Timing is where most micro-interaction design fails. Animations that are too slow feel laggy. Animations that are too fast aren't perceptible as intentional.

100-150ms: Hover states, immediate feedback. Quick enough to feel instant, just long enough to register.

200-300ms: Most UI transitions. Button presses, toggle switches, focus states, tooltip appearances. This is the sweet spot for feeling "right."

300-500ms: Larger transitions. Modals opening, panels sliding in, page transitions. Anything longer starts to feel slow unless there's a genuine reason to direct attention to the transition itself.

Over 500ms: Rare. Use only when the animation itself communicates something important — like a progress animation that reflects a real process duration, or an onboarding animation designed to draw attention to a new concept.

The easing curve matters as much as the duration. Standard ease-in-out is appropriate for most transitions. For elements entering the screen, ease-out (starts fast, slows to stop) feels more natural.

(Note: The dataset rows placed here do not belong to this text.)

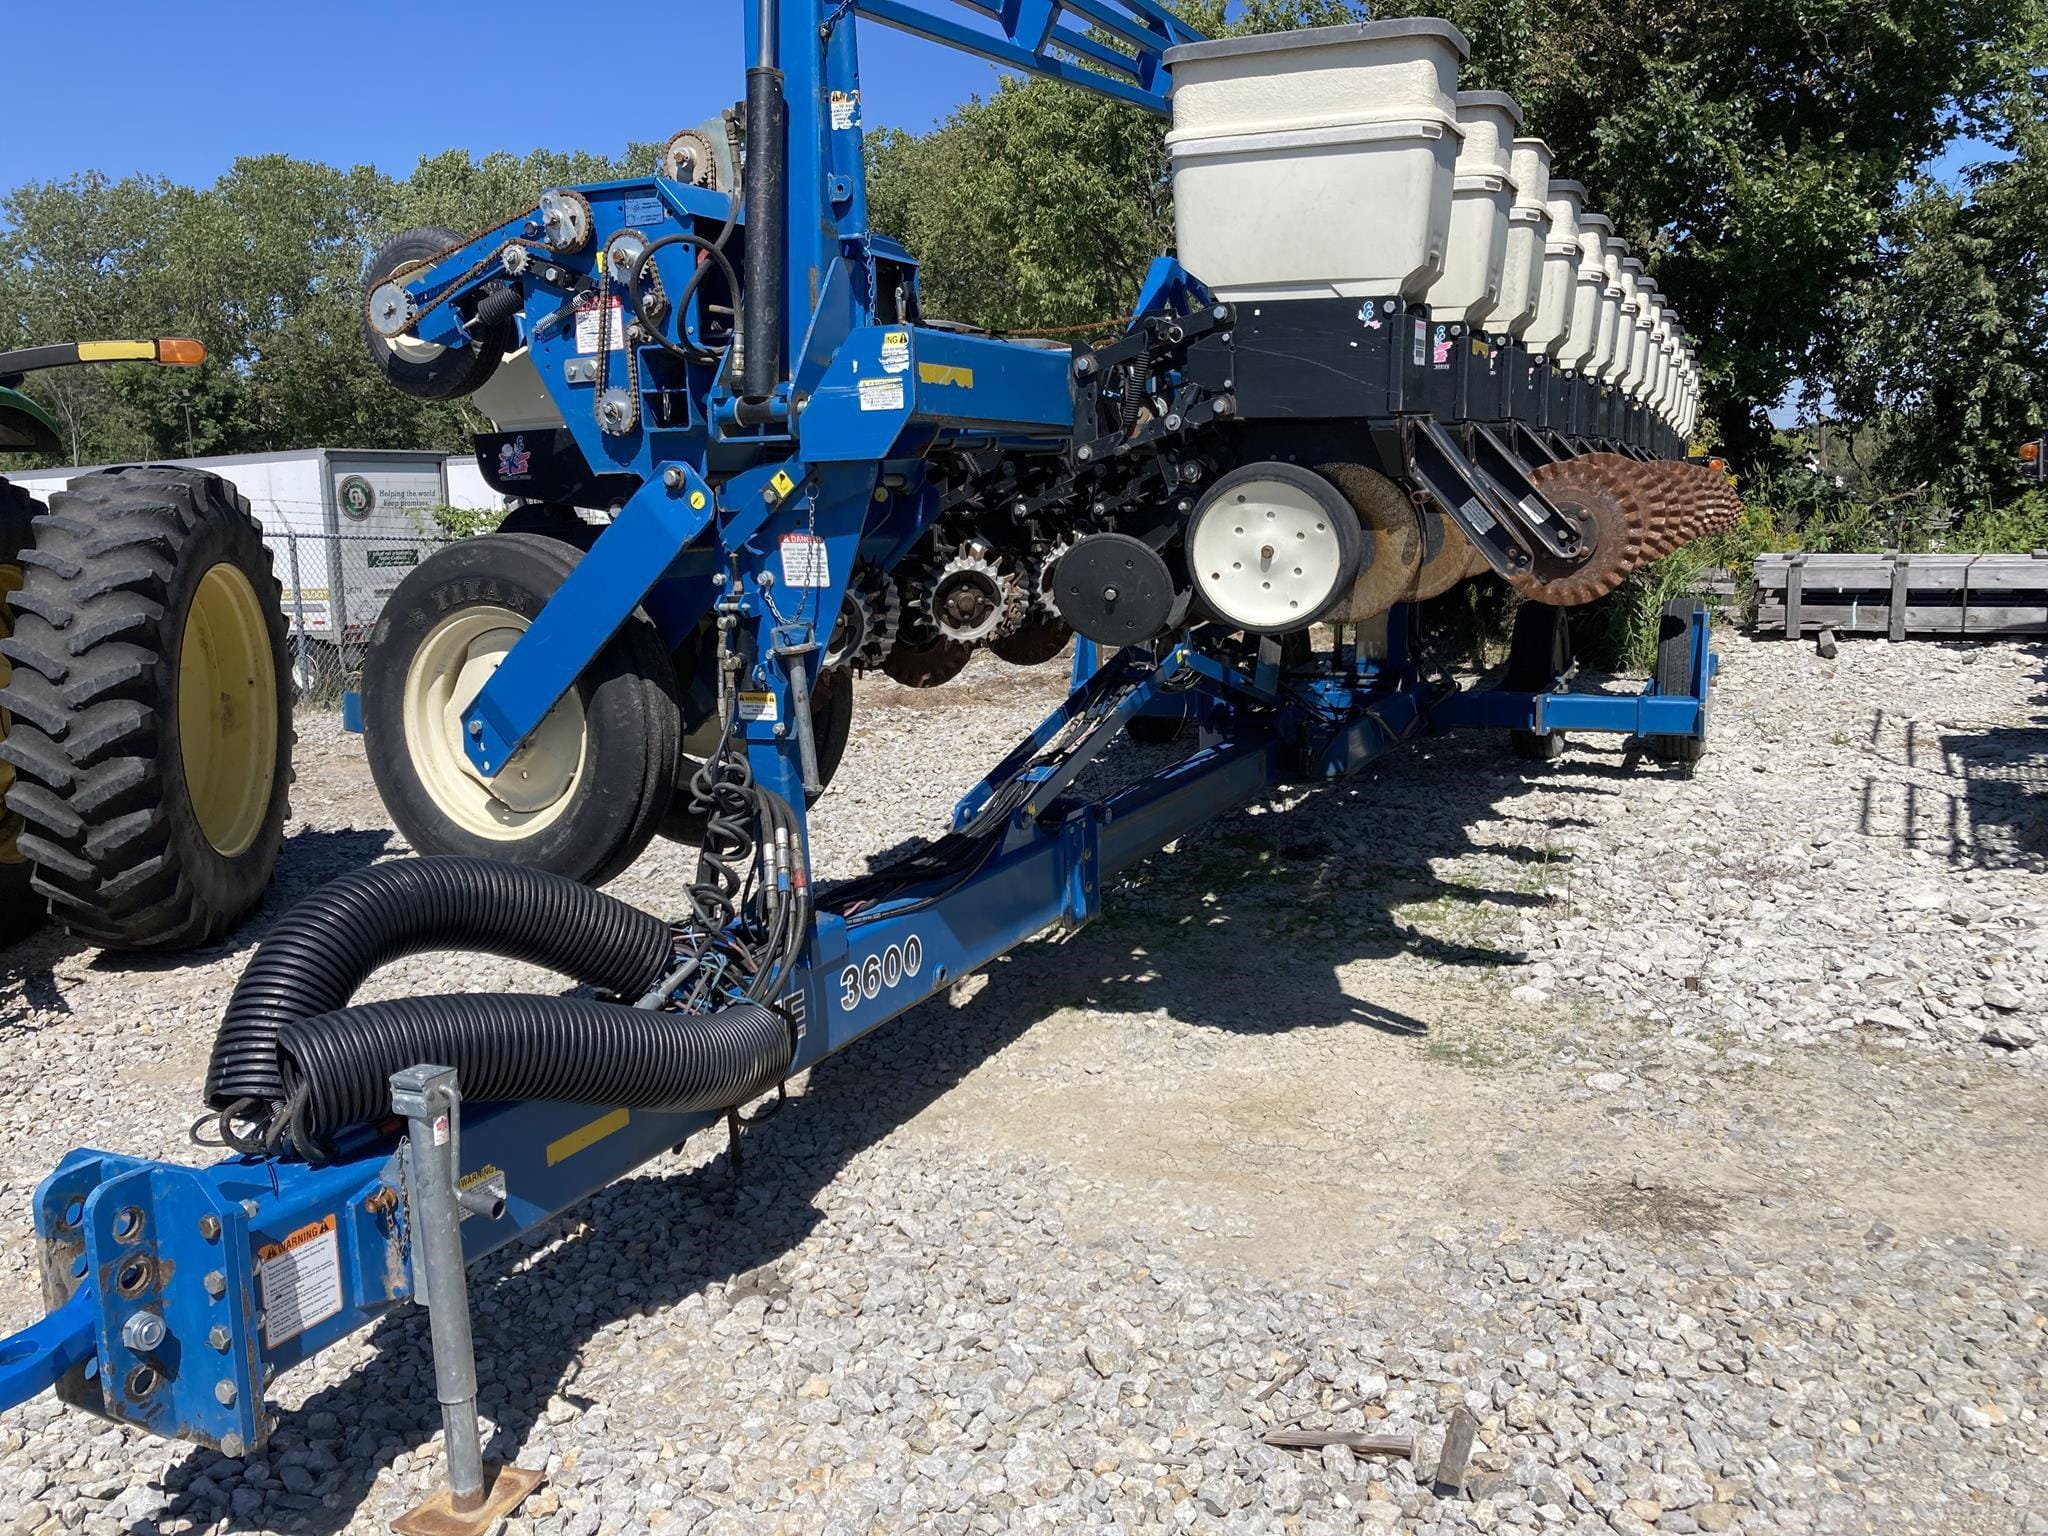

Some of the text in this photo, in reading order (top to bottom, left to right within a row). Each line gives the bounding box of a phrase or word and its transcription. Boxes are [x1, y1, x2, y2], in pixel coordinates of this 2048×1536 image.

[585, 296, 618, 311] DAER
[379, 489, 436, 498] Helping the world
[431, 578, 531, 613] TITAN
[840, 934, 922, 1011] 3600
[278, 1227, 318, 1253] WARNING
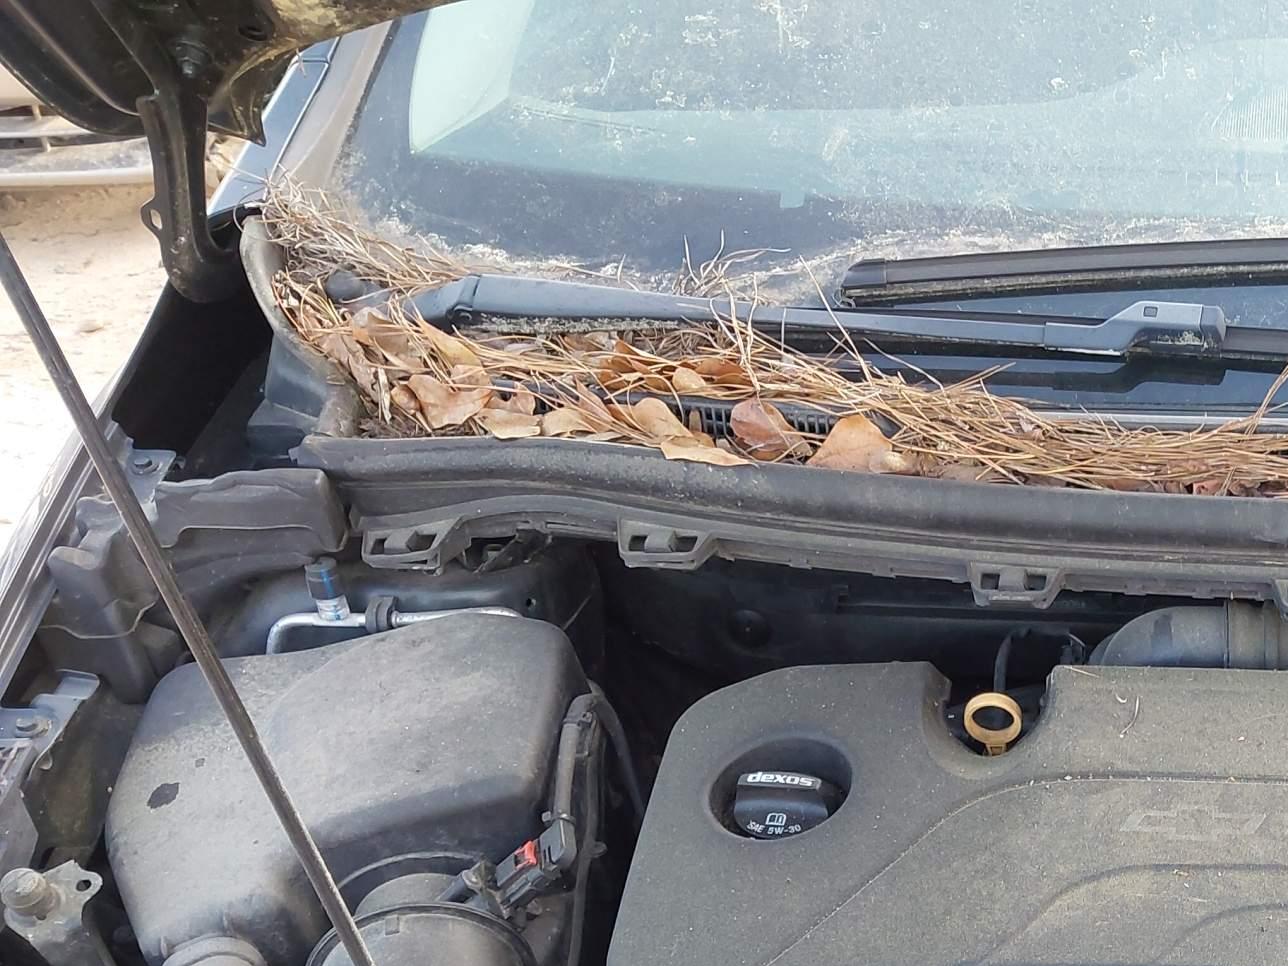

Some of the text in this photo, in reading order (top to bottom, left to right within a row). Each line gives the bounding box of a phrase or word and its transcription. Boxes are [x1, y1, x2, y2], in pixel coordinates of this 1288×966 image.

[747, 772, 814, 786] dexos
[747, 822, 801, 835] SAE 5W-30
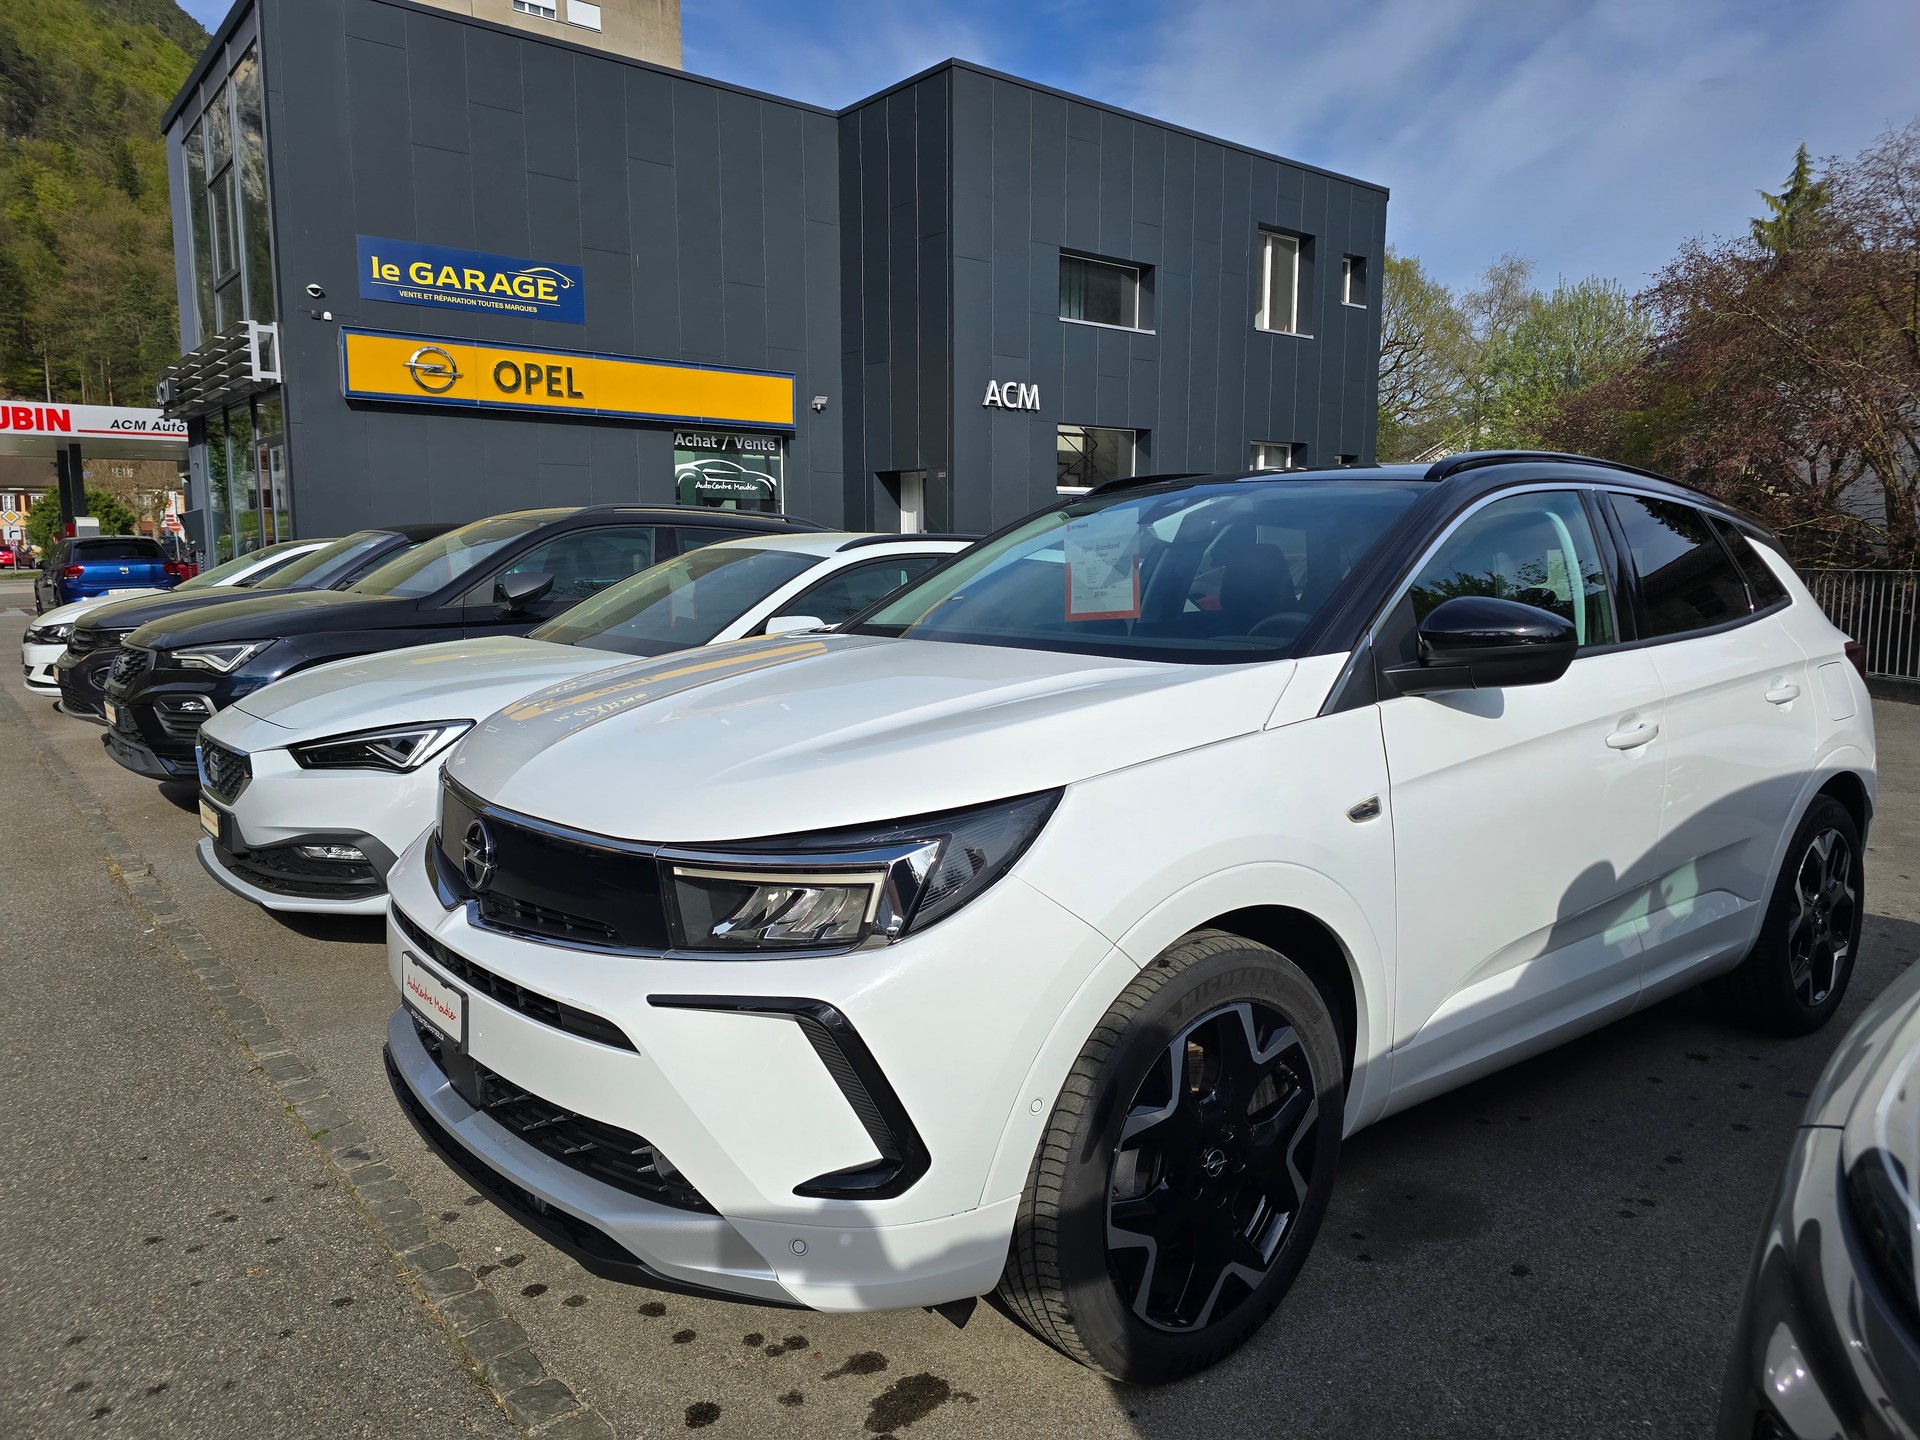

For elements exiting, ease-in (starts slow, accelerates) works well. Avoid linear easing for UI animations — it feels mechanical and unnatural.

Designing with purpose vs designing for show

The difference between good and gratuitous micro-interactions often comes down to asking why.

Purposeful: When you click "Add to Cart," the cart icon briefly scales up and shows a count increase. This confirms the item was added and shows where to find it.

Gratuitous: Every card in a grid bounces when you hover, with no additional information conveyed by the animation.

Purposeful: The form submit button shows a loading spinner while the server processes, then transitions to a checkmark on success. Users know something is happening and when it's done.

Gratuitous: The submit button pulses with a glow effect for three seconds before anything happens.

If you can describe the user benefit of an animation in one sentence, it's probably purposeful. If you can't, it's probably decorative.

Prototyping with ProtoPie and Principle

Figma's native prototyping handles simple transitions but breaks down for multi-state interactions, conditional logic, and complex sequencing.

ProtoPie is the better choice for most complex micro-interactions. It uses a trigger → response logic system that maps directly to how you think about micro-interactions. You can prototype:

  • Multi-state toggles with different animation behavior per state
  • Form validation feedback with conditional logic
  • Scroll-driven animations
  • Interactions that respond to variables (like a progress bar that fills based on user input)

ProtoPie has a free plan that covers most use cases. The paid plans ($17/month and up) add cloud sharing and team features.

Prototype micro-interactions in ProtoPie

Principle is faster to learn and better for sequential timeline animations. If you're prototyping a specific transition between two states rather than a complex multi-state interaction, Principle is often quicker. It imports Figma files directly and handles layer-level animation properties simply.

Principle costs $129 (one-time purchase, Mac only). It's more limited than ProtoPie for complex interactions but better for quick, high-fidelity motion explorations.

Animate transitions in Principle

Documenting specs in Figma

Once you've prototyped and validated a micro-interaction, document the motion specs for handoff.

In Figma, create a dedicated documentation section in your design file. For each micro-interaction, include:

  • Before state (static frame)
  • After state (static frame)
  • Duration in ms
  • Easing curve (with a visual of the curve)
  • Any delays
  • Notes on trigger and behavior

For complex interactions, link the ProtoPie prototype directly from the Figma frame using a comment or annotation. Developers need to see the motion as well as the specs.

Animation tokens are worth establishing if your team ships multiple products or has a design system: define your duration scale (50ms, 100ms, 200ms, 300ms, 500ms) and your easing curves as named values. Developers can implement them as CSS custom properties or design tokens that everyone references consistently.

Micro-interactions are most powerful when they're consistent. A product where every interaction responds in the same way feels refined. A product where each feature was designed independently — some with animations, some without, all with different timing — feels unfinished.